21 abr 2012

LAS SINGLADURAS CON MI VELERO "VAGAMUNDO" (1ª Etapa)

CASI ME MUERO EN LA MAR

Hay algo mas grotesco y desagradable que morirse atragantado por tus propios vómitos?

En un espléndido día del verano de 1994, uno de esos días en que te sientes pleno de vitalidad, con mucha seguridad y ganas de comerte el mundo, con un cielo totalmente despejado, viento suave del norte y la mar tranquila, levé anclas en las antiguas instalaciones náuticas del Casino de La Coruña y zarpé en solitario, sin premeditación ni previo aviso rumbo al sur con mi velero Vagamundo.

El Vagamundo era un motovelero de dos palos modelo Evasión 32 de Beneteau que tres años antes había comprado de ocasión en el noroeste de Francia con las ganancias que me habían proporcionado mis funciones como corresponsal en Cancún de un gran mayorista de viajes español y la prospección y diseño de nuevas rutas turísticas en los territorios mayas de Yucatán, Guatemala, Honduras y Belice.

Había pasado dos años reparando el Vagamundo y equipándolo para la navegación en solitario, estaba ya listo para zarpar en cualquier momento y cumplir por fin uno de mis sueños y asignatura pendiente, navegar en mar abierto en solitario y darme una vuelta durante algún tiempo por los mares del mundo, aunque en los dos años posteriores por problemas económicos y de salud sólo llegué a navegar con mi velero por el mar Mediterráneo y por el océano Atlántico hasta las islas de Cabo Verde.

Mi primera recalada fué en Muros, un agradable y pintoresco pueblo de las Rias Altas gallegas, allí, y ya totalmente decidido a continuar mi singladura tomé un autobús de ida y vuelta a La Coruña para coger ropa, dinero y pasaporte y despedirme de mi familia y amigos. Las etapas siguientes fueron de pleno disfrute en las Rias Bajas gallegas y en el norte de Portugal, dejando dias después por la popa el cabo Carvoeiro y arribando a Cascais, muy cerca de Estoril, sin el mas mínimo problema.
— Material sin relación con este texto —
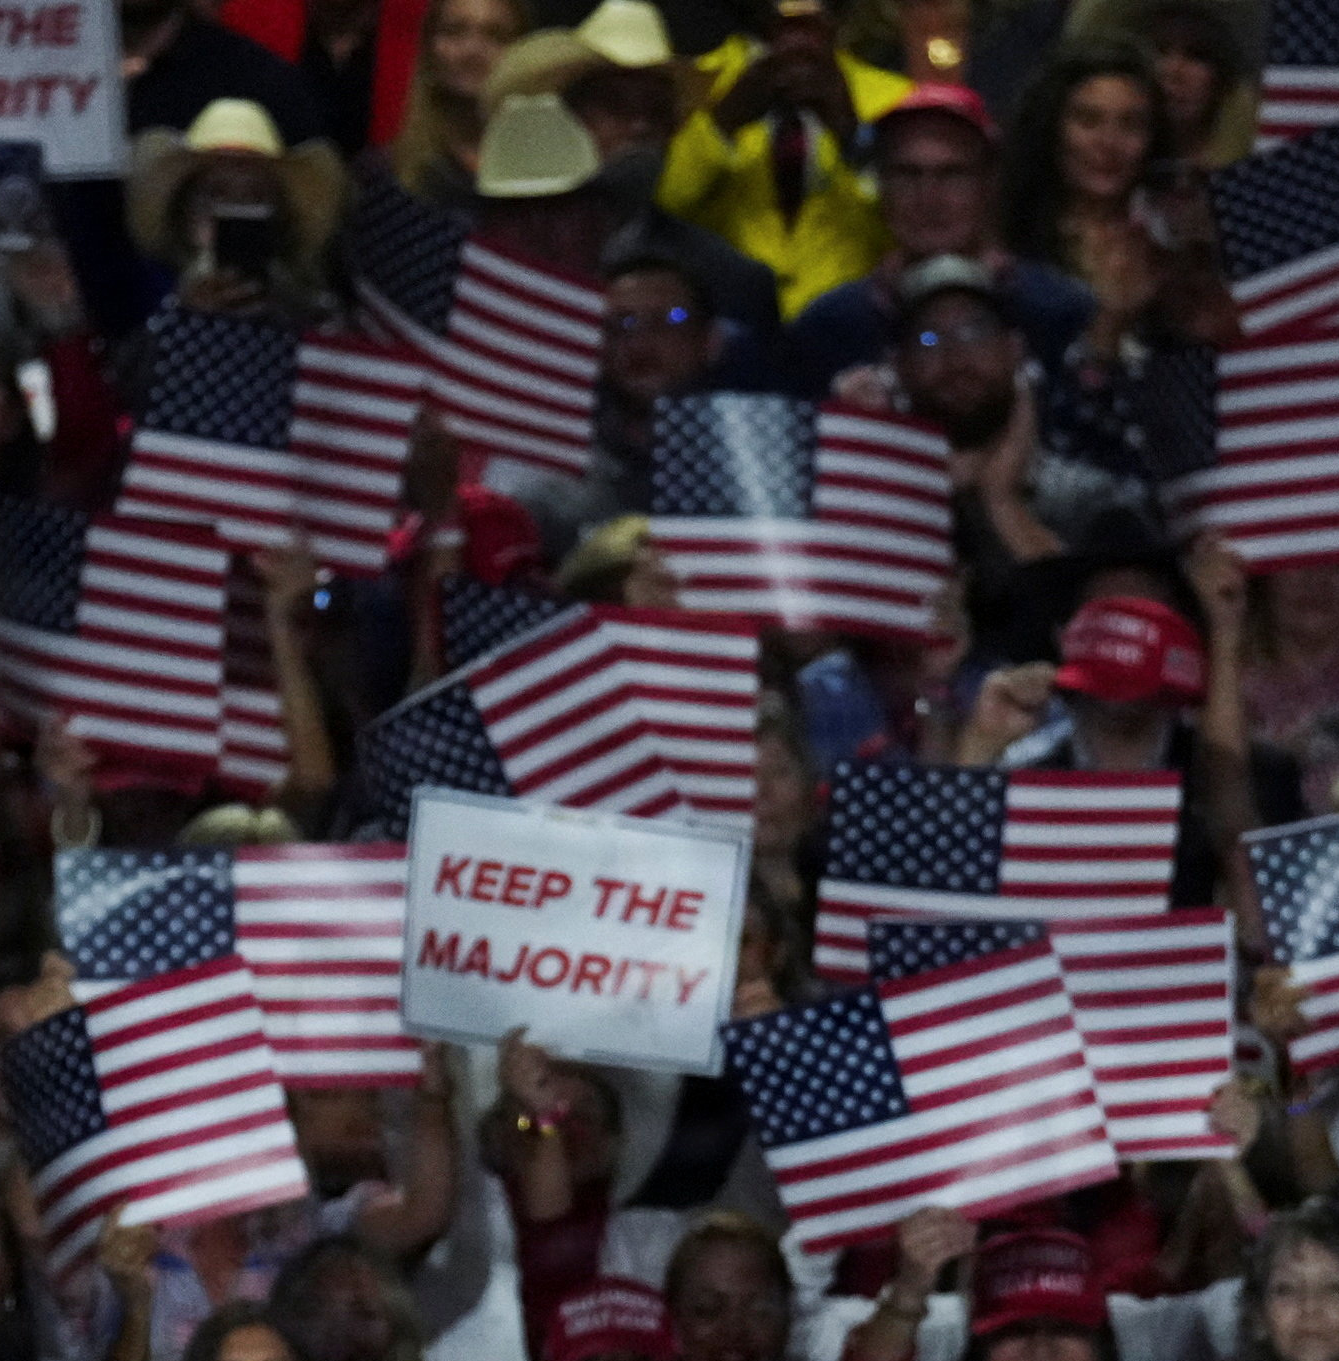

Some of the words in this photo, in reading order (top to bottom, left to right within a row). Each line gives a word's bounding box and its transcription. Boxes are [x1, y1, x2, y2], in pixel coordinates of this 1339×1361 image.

[434, 854, 573, 909] KEEP
[593, 878, 705, 931] THE
[417, 929, 709, 1005] MAJORITY
Una noche, después de hacer mis cálculos de navegación y de preparar unos bocadillos, con un cielo totalmente estrellado zarpé de nuevo con la intención de atravesar el golfo de Lisboa, doblar el cabo Espichel, y recalar ya al amanecer del día siguiente en el protegido y agradable puerto de Sesimbra, a la entrada de la bahía de Setúbal, al sur de Lisboa.

La primera parte de la travesía fué relajada y tranquila, el Vagamundo navegaba practicamente sólo a unos 5 nudos con el piloto automático y todas las velas desplegadas, pero ya acercándome al cabo Espichel comenzó a cubrirse el cielo de nubes, a soplar un viento del oeste cada vez mas fuerte y a levantarse mucho la mar. Tuve que arriar y rizar velas, desconectar el piloto automático y tomar con fuerza la caña del timón para evitar que el velero se atravesase a las olas y pudiese volcar.

Poco antes me había comido un bocadillo de atún, el caso es qué, agarrado fuertemente a la caña del timón y sin poder soltarla ni un sólo instante me mareé, comencé a vomitar y me atraganté con mis propios vómitos, allí no había nadie que pudiese relevarme ni darme golpes en la espalda para despejarme la tráquea, no podía respirar, se me nublaba la vista, y sentia con una total impotencia que me estaba yendo de éste mundo.

Fué la intuición la que me hizo levantar la cabeza y doblarme hacia atrás para abrir la tráquea y poco a poco comencé de nuevo a respirar y a revivir. Muchas veces pasé miedo en mi vida pero en muy pocas ocasiones me vi en una situación tan desesperante y extrema, poco a poco me repuse como pude y doblando ya el cabo Espichel me refugié en el puerto de Sesimbra.